*** Records shown Section Begins ***

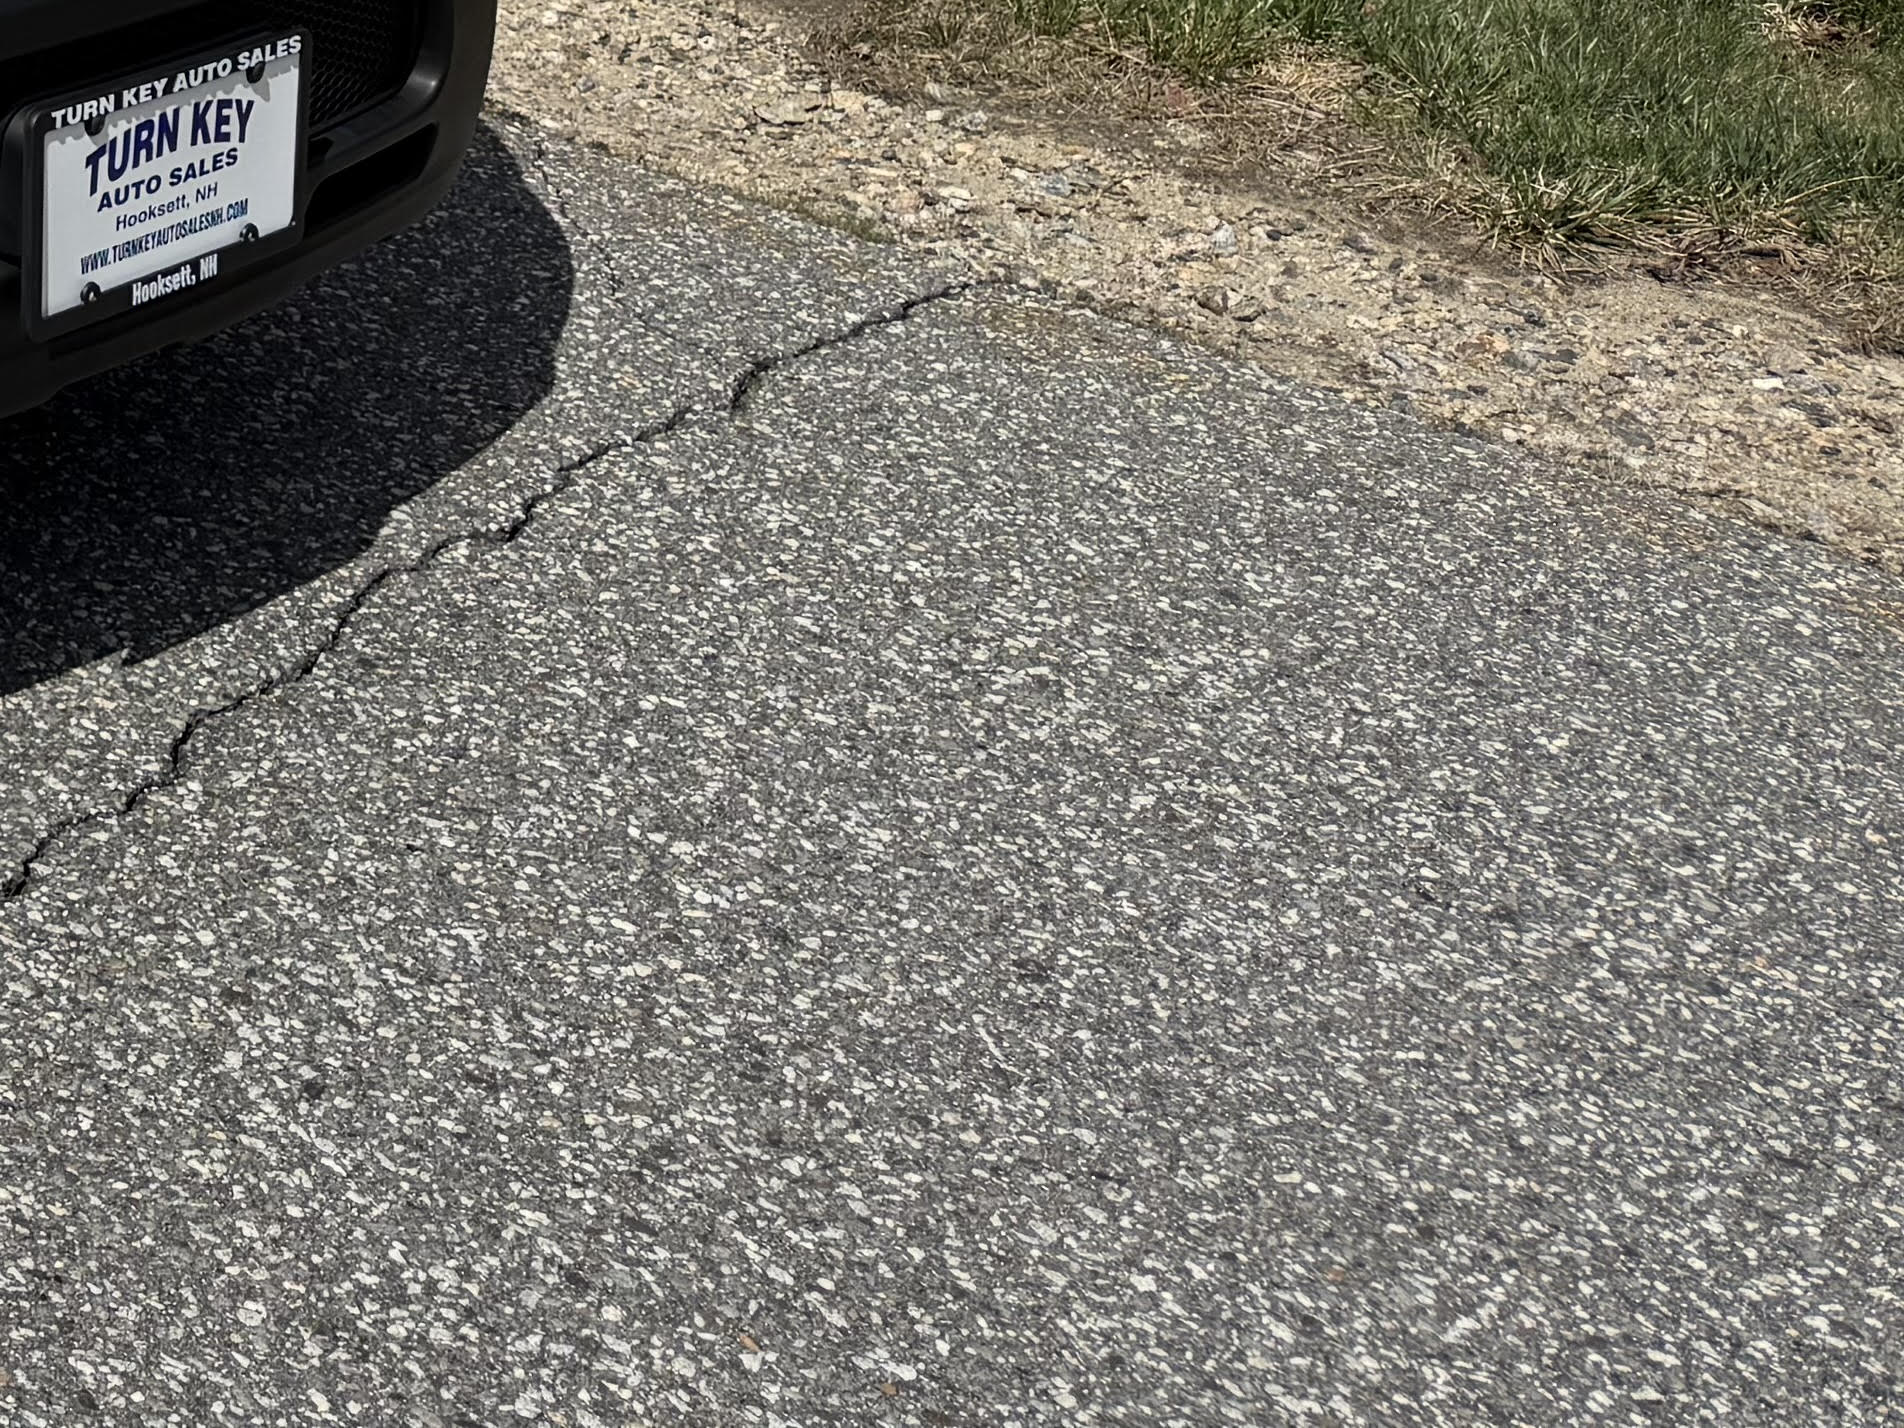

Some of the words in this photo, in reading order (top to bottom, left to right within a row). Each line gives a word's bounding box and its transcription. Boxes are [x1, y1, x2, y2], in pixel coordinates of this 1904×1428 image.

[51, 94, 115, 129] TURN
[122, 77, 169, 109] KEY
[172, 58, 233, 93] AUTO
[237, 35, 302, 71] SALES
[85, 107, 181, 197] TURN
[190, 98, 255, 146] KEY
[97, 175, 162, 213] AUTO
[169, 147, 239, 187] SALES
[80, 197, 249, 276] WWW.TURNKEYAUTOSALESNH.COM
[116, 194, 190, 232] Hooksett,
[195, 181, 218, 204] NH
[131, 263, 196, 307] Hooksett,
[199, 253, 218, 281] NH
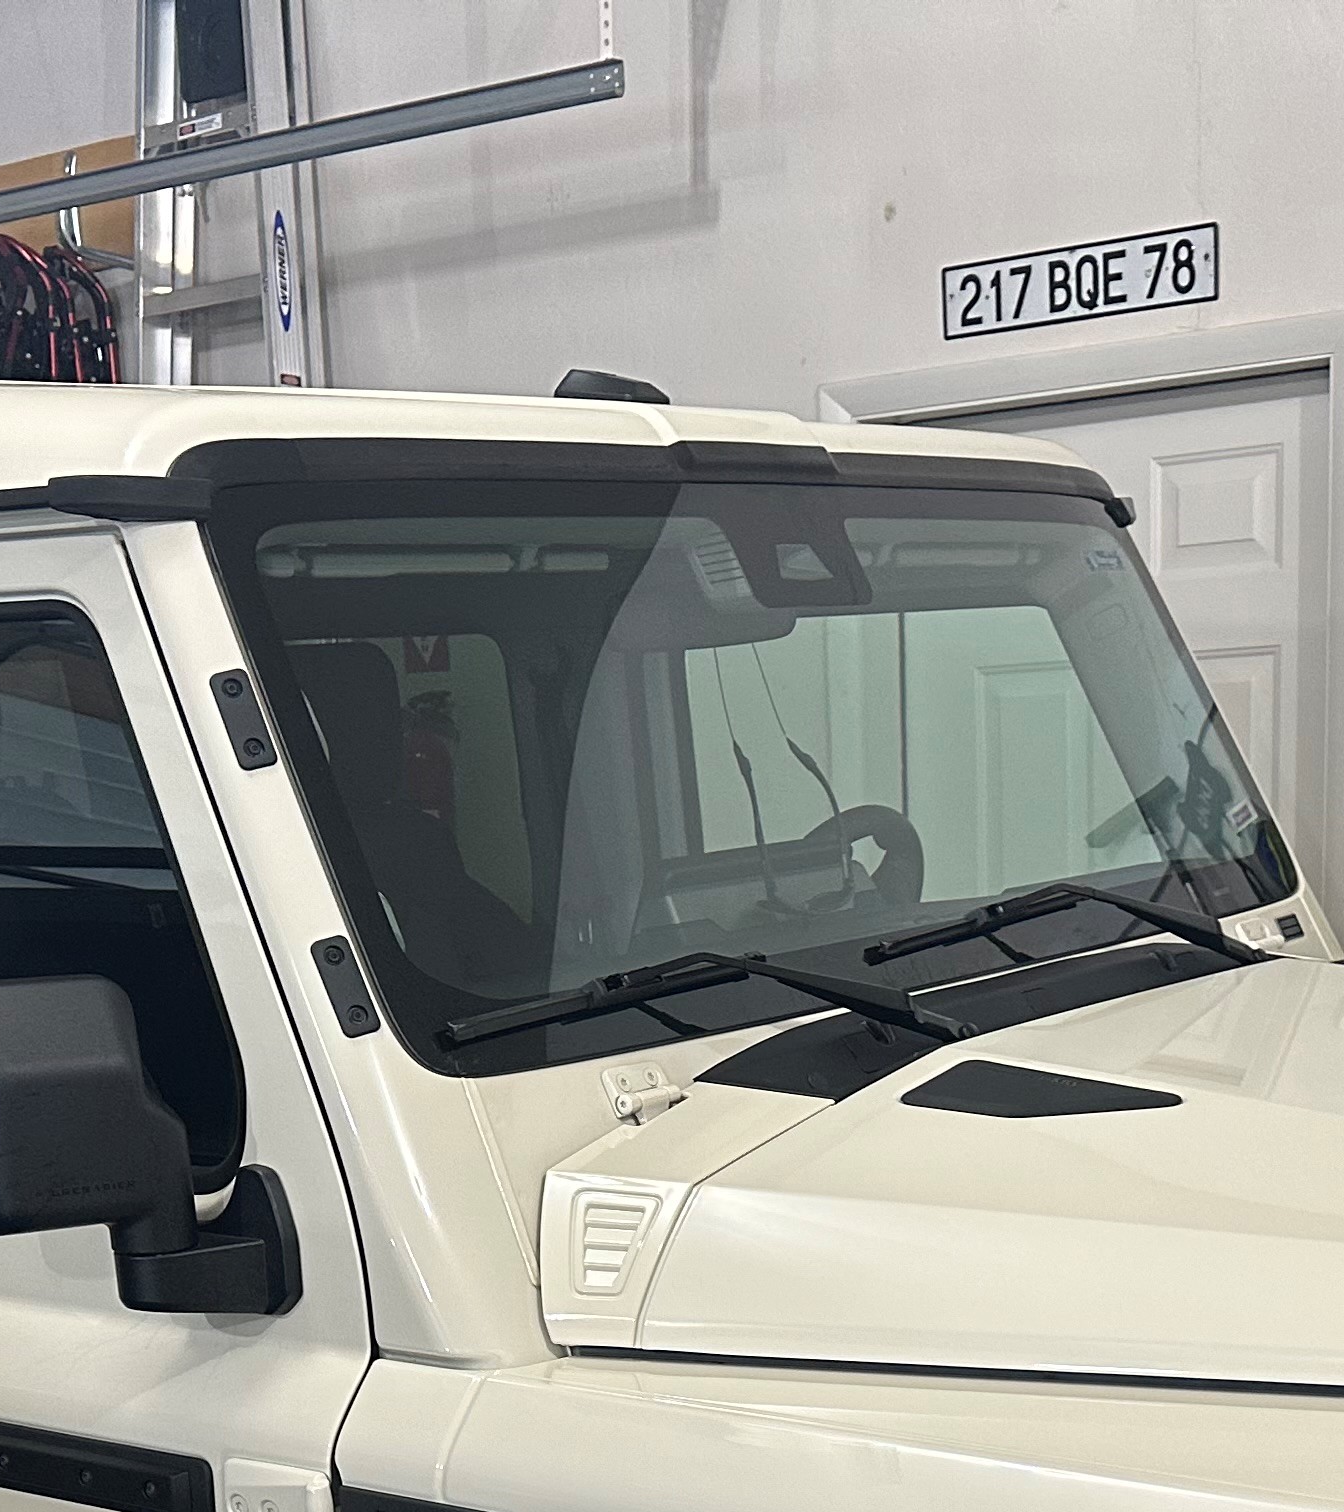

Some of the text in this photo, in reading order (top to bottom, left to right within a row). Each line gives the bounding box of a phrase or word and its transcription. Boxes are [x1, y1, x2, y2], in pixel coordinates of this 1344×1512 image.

*** Records shown Section Ends ***

What you should do: Output everything in the material exactly. Pictures stay out of it.

Response for this exercise:
Some of the words in this photo, in reading order (top to bottom, left to right within a row). Each line gives a word's bounding box and its transcription. Boxes are [x1, y1, x2, y2], in pixel coordinates of this 1904×1428 image.

[51, 94, 115, 129] TURN
[122, 77, 169, 109] KEY
[172, 58, 233, 93] AUTO
[237, 35, 302, 71] SALES
[85, 107, 181, 197] TURN
[190, 98, 255, 146] KEY
[97, 175, 162, 213] AUTO
[169, 147, 239, 187] SALES
[80, 197, 249, 276] WWW.TURNKEYAUTOSALESNH.COM
[116, 194, 190, 232] Hooksett,
[195, 181, 218, 204] NH
[131, 263, 196, 307] Hooksett,
[199, 253, 218, 281] NH

Some of the text in this photo, in reading order (top to bottom, left to right within a row). Each line gives the bounding box of a phrase or word and its transcription. Boxes are [x1, y1, x2, y2], in pixel coordinates of this 1344×1512 image.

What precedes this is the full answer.